High temperatures are most commonly identified as an example of extreme conditions on Earth. Maybe this is because we sterilize things like drinking water or medical instruments using high temperatures. Regardless, high temperatures do present a unique extreme environment on our planet. Although they would restrict the existence of humans and many other complex organisms, environments of extremely high temperature aren't considered as inhabitable as they once were. This is because scientists are discovering a wide variety of organisms that not only survive, but thrive in high temperatures.
In general, organisms that live in environments that are extreme with respect to humans are called extremophiles. In particular, the organisms that thrive in high temperatures are known as thermophiles. The temperatures at which thermophiles grow optimally start at 45 °C (113 °F) and extend well beyond that. Scientists have known about thermophiles for over 40 years. It has been only recently that microbiologists have discovered that the temperatures at which some life can thrive far exceeds 45 °C. In fact, several organisms have been identified that optimally grow at temperatures above 80 °C (176 °F)! These organisms are known as hyperthermophiles to distinguish them further from thermophiles.
There are many environments in which thermophiles (and hyperthermophiles) can be found. The most widespread and extreme environments of high temperature are often identified with volcanic events. High temperature environments are located on or near the surface of Earth, such as the hot springs found in Yellowstone National Park, in the subterranean areas of Earth, and in submarine environments, near hydrothermal volcanic vents. Currently, the microbe that holds the record for high-temperature growth is Methanopyrus kandleri, which survives at a temperature of 122 °C, closely followed by Pyrolobus fumarii, which can grown in temperatures up to 113 °C and which was first discovered in the walls of a hydrothermal vent in the bottom of the ocean.

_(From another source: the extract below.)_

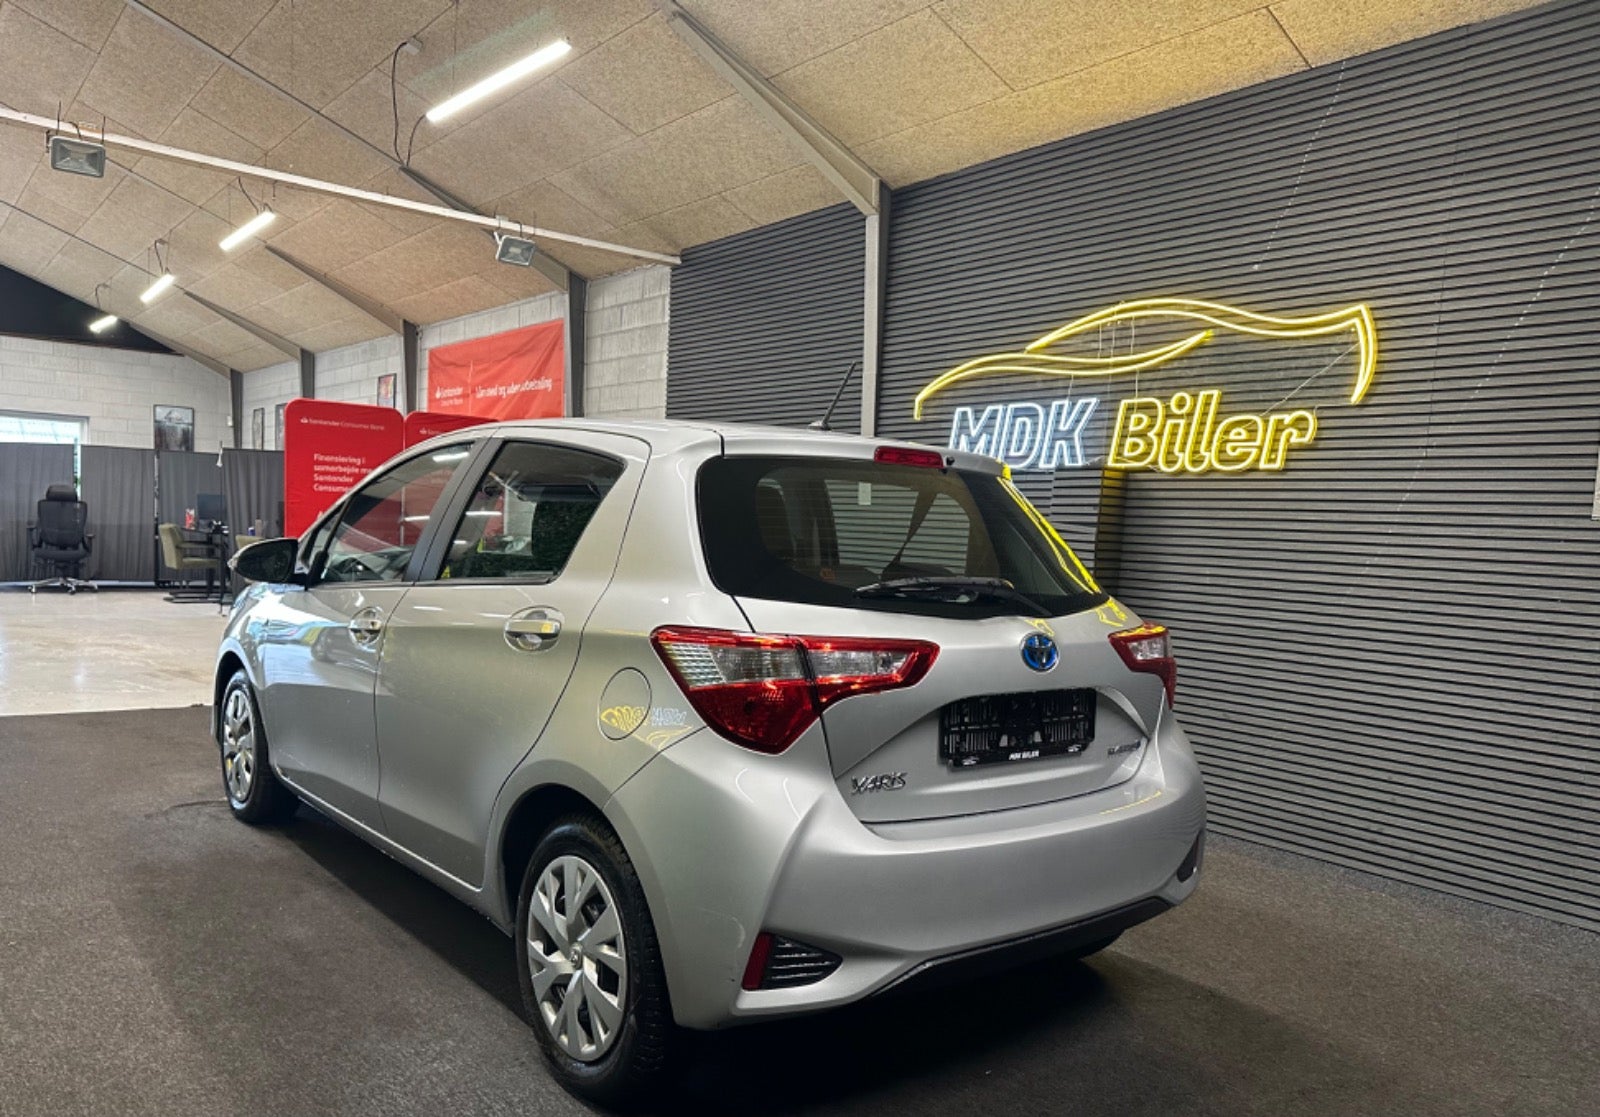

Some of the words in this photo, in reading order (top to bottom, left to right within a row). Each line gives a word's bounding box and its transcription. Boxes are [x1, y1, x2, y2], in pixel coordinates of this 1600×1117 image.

So why is an environment of high temperature considered to be extreme? With respect to humans, it should be obvious as to the extremity of temperatures above the boiling point of water. But what about single celled organisms; why do high temperatures present an extreme environment for them? Living cells are all made up of similar building blocks. Many of these building blocks are sensitive to high temperatures. For instance, enzymes are a type of protein that helps catalyze chemical reactions within living cells. An enzyme, or more generally a protein, is made up of a long string of molecules called amino acids. This string of amino acids then folds up to make a three-dimensional macromolecule. Often times heat causes deformations in or complete destruction of the three-dimensional folding of these macromolecules, rendering things like enzymes useless. DNA can also be denatured by high temperature; the hydrogen bonds holding the two strands of DNA together are disrupted, causing the DNA to break apart into single strands. Furthermore, the membranes that enclose living cells can experience negative effects due to high temperature, often resulting in the lipid bilayer being torn apart.

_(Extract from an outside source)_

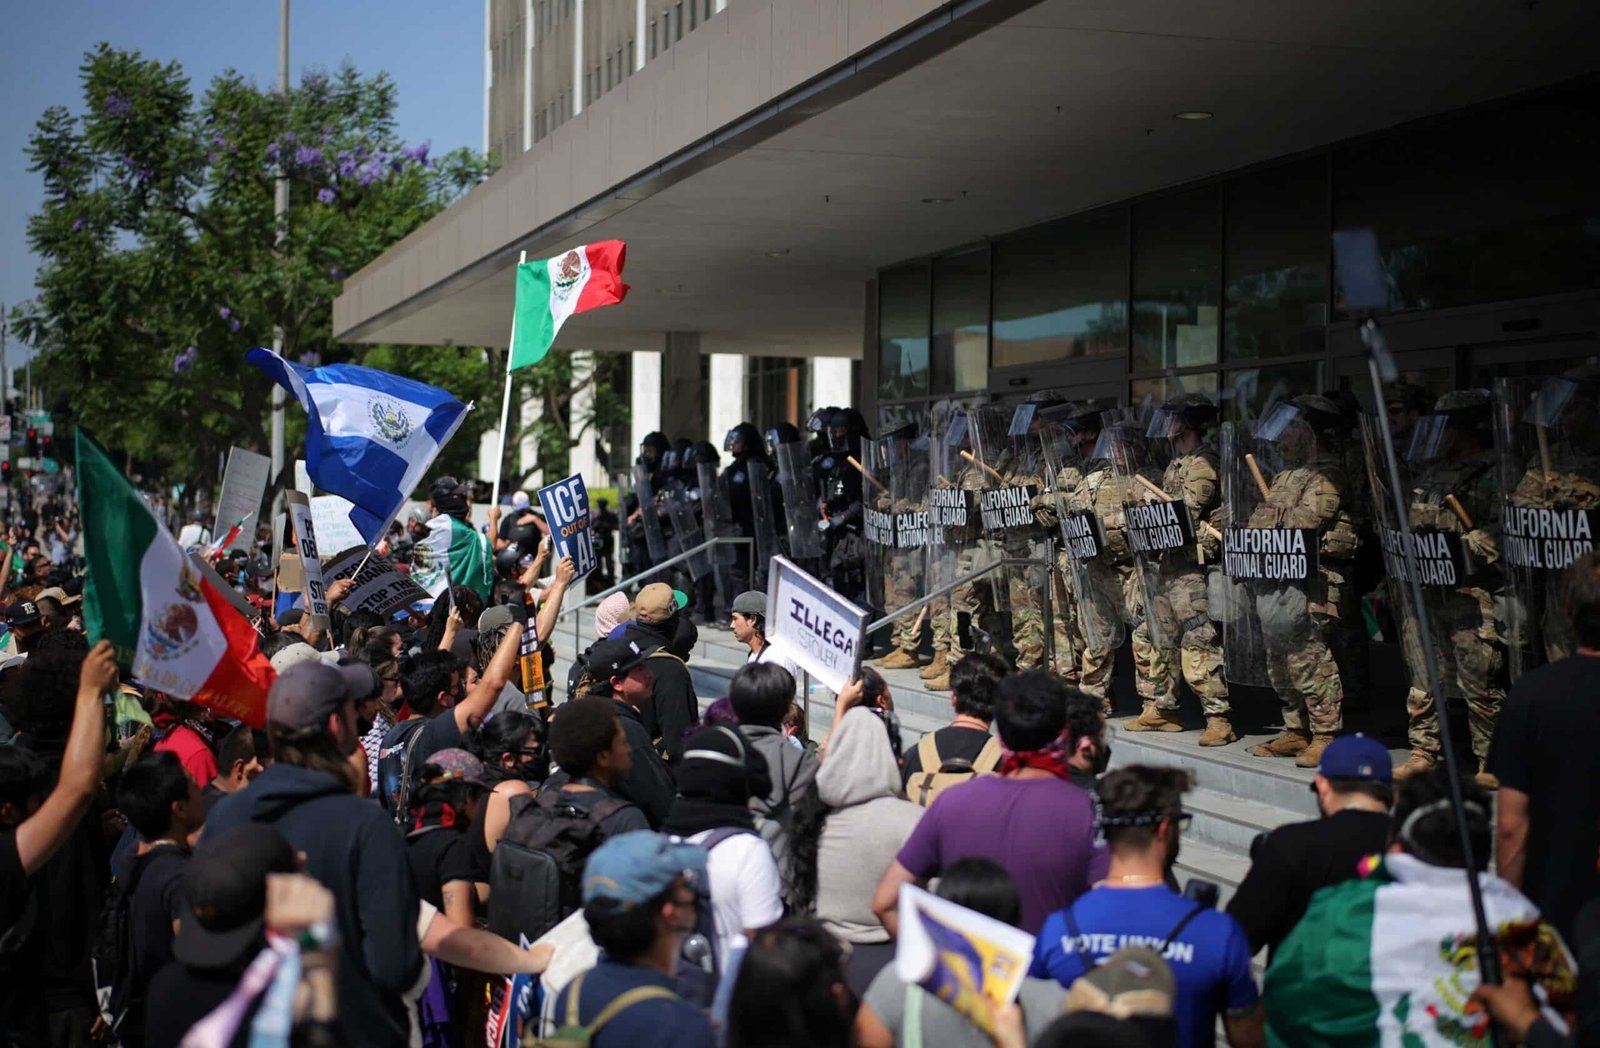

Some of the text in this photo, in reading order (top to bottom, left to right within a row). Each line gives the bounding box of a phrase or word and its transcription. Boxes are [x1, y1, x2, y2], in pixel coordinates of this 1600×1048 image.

Thermophiles have evolved to combat the consequences of high temperature. First of all, biochemists have noted that enzymes in thermophiles vary little when compared to enzymes in mesophilic (existing in temperate conditions) organisms; the sequences of amino acids are only different by an amino acid or two. However, the small differences in amino acid sequence allow the enzyme to fold in a manner that is more resilient to high temperature. Specifically, heat-resistant enzymes and proteins will have more salt bridges, ionic bonds between charged amino acids, and will fold up into a tighter three-dimensional configuration. Tighter packing is naturally resistant to unfolding in normal conditions. Thermophilic organisms also employ special mechanisms to maintain DNA integrity. One way that the DNA is made more resilient to high temperature is by introducing positive supercoils, rather than negative supercoils, into the molecular structure, which show greater stability. Also, in some hyperthermophiles a heat-resistant protein is produced that binds to the DNA which serves to stabilize the DNA and thus lower its melting point. Finally, the cell membranes of thermophiles are different from organisms living at moderate and cold temperatures. The primary difference is in the type of lipid used to construct the membrane. In most cells, a lipid bilayer is formed. However, thermophiles use a different lipid that forms a monolayer instead of a bilayer, which is therefore immune to the tendency of high temperature to pull apart bilayers.

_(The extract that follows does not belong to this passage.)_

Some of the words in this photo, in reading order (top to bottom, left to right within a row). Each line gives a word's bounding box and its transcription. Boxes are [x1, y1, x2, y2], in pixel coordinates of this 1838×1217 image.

Thermophilic organisms are interesting for more than just their ability to resist high temperatures. Many astrobiologists contend that the last common ancestor of all life on Earth was a hyperthermophilic organism. If this is true, then unraveling the biochemistry of these organisms may be of great importance to our understanding of the origin and evolution of life on our planet. Thermophiles have contributed to our understanding of the evolution of life in a much more concrete way. Taq polymerase, an enzyme isolated from a thermophilic microorganism, has been used in the polymerase chain reaction (PCR) technique that allows for the amplification and subsequent sequencing of genetic information. It is beyond question that these resilient little organisms will continue to enlighten our search for life in the Universe.